Entonces, podemos sostener que al igual que la felicidad, el recuerdo
de algo hermoso que el destino nos ha deparado renueva su portento y, al
mismo tiempo, nos lo arrebata; esa maravilla hubiera podido no existir;
¿qué queda de ella? Recordarla equivale a la reinvención de un
deslumbramiento que no ha cesado ni cesa de brillar sobre nuestra
existencia. Si, por algunos segundos, el pensamiento juega a eliminarla
de nuestra vida, ésta pierde una parte de sus precarios contornos: las
cuatro o cinco cosas que la sostienen y que quizá tan sólo en cierto
modo la justifican, se diluyen, se deshacen. Y todo esto porque la
gruesa muchacha enfurruñada, mal vestida, de los comienzos se había por
fin confundido con la imagen que llevaba en su fuero interior, imagen
más fuerte que ella misma, y de una exigencia terrible: al deseo de
gloria se había añadido, más difícil aún de lograr, el de una radical
metamorfosis física.
El canto del pájaro
¿Su voz?

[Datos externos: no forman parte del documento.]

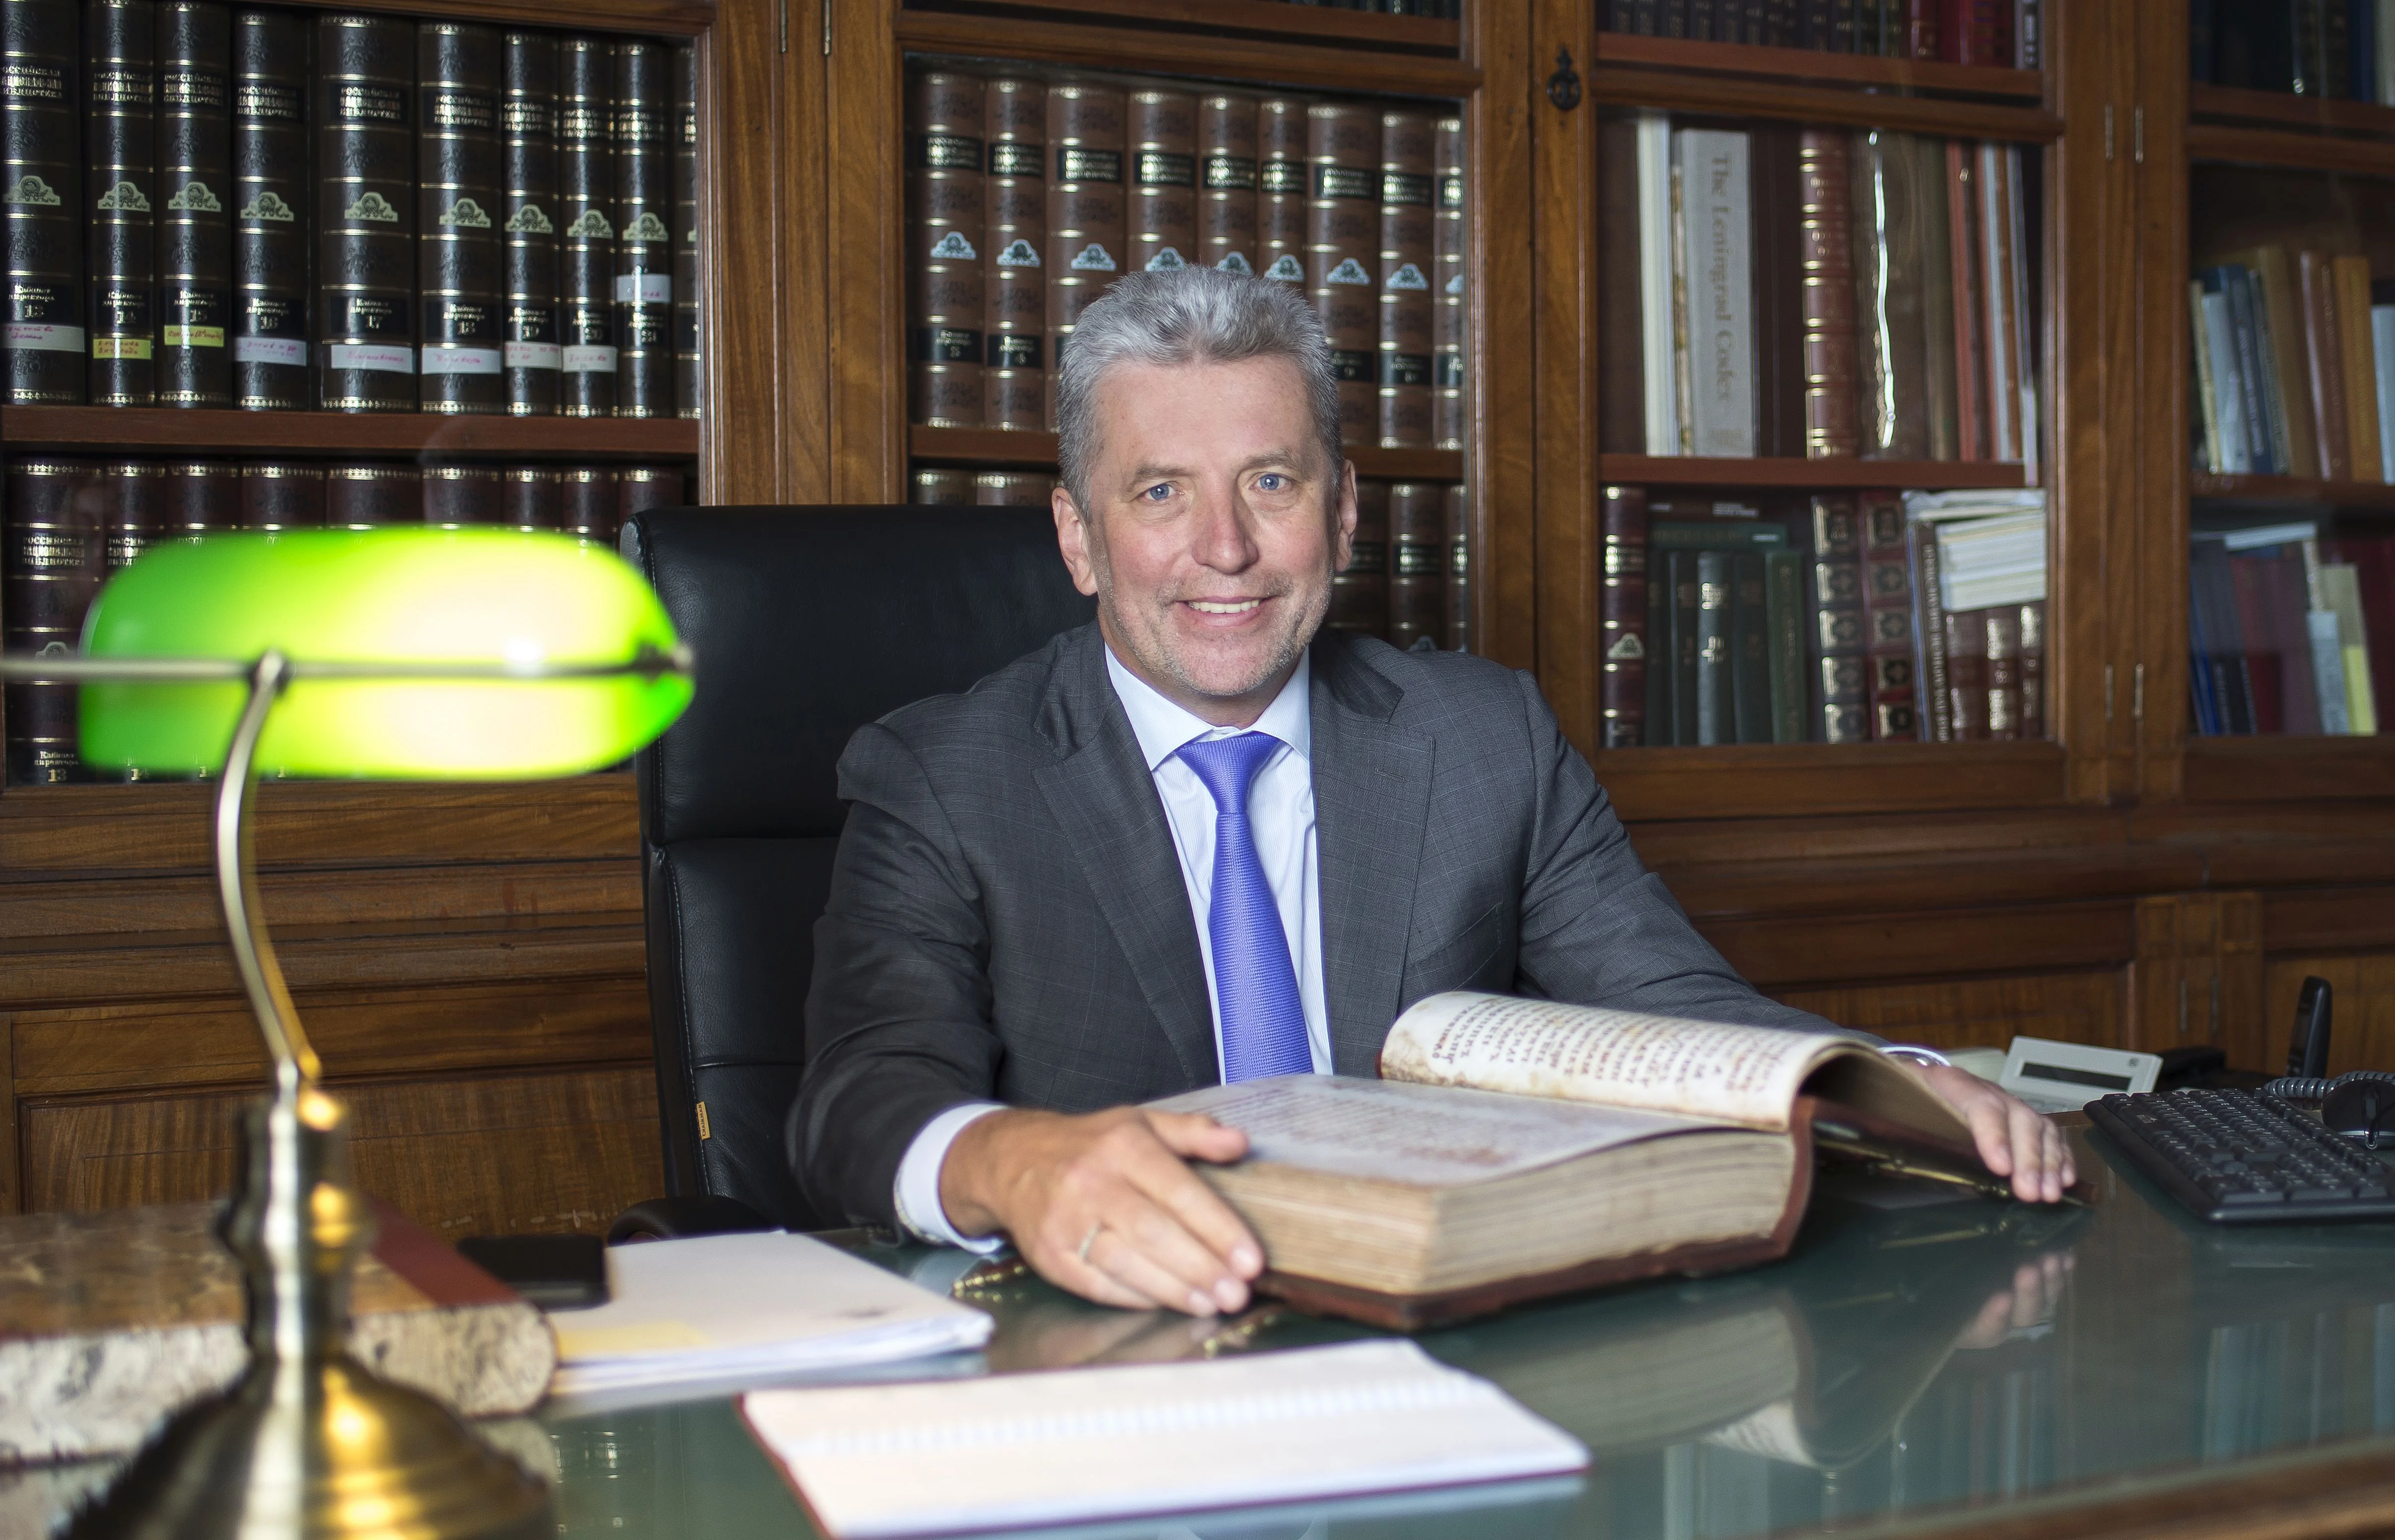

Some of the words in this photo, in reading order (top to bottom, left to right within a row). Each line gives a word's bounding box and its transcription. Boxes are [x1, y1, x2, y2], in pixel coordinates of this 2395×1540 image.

La primera nota era la sustancia misma del soplo retenido,
henchido de una emoción que ya no puede permanecer oculta; y las que
seguían a la primera, el canto del pájaro que dentro de sí encierra la
noche, el silencio de la noche, y que en la continuidad de la melodía
expresa un dolor impersonal, ciego, de naturaleza desesperada, liberada
por la música, obediente a la medida pero haciéndose cargo del cuerpo
todo entero. Su voz, en los graves, ardía en la negrura para resucitar
en el agudo, del otro lado de la conciencia, y de un golpe,
arrastrándonos con ella en una deflagración de furores, gratificando los
nuestros, prisioneros; y al instante, sin alterar jamás el timbre, se
volvía murmullo, confidencia: y se hubiera dicho que algo dentro de
nosotros, informe, ignorado, esperaba esa voz desde la infancia para
destilar en ella su pena.
Entre la vehemencia, en ella, de un
destino en trance de cumplirse y el vuelo, sin cesar reiterado, del
corazón hacia el atractivo de un mundo a la vez estable y fluido; entre
la enormidad del tormento y una súbita suavidad, las palabras se
deslizaban sobre otro hilo que el del pensamiento, y el drama y sus
peripecias se reabsorbían en la cadencia. Después, estaban los gestos de
la cantante, gestos griegos anteriores a la Grecia que hemos heredado:
el brazo extendido, la mano paralela a la sien pero sin tocarla, en la
desolación.
El destino de María Callas fue luchar contra el
destino para convertirse, en la realidad tangible, en otra: la otra.
Éstos son los ejes estructurantes de “Master Class”, la obra del
dramaturgo norteamericano Terrence McNally que se estrenó anoche en el
Centro Cultural Provincial, espectáculo dirigido con las sabias manos
del director Agustín Alezzo para concretar un montaje escénico soberbio,
en el que todos los signos teatrales están potenciados para obtener la
excelencia. Así se destacan las luces de Tito Egurza, el exquisito
vestuario del elenco, firmado por Pablo Battaglia, y el de la primera
actriz, nada menos que realizado por las sobrias manos de Gino Bogani,
quien una vez más señala el camino de la elegancia y el estilo.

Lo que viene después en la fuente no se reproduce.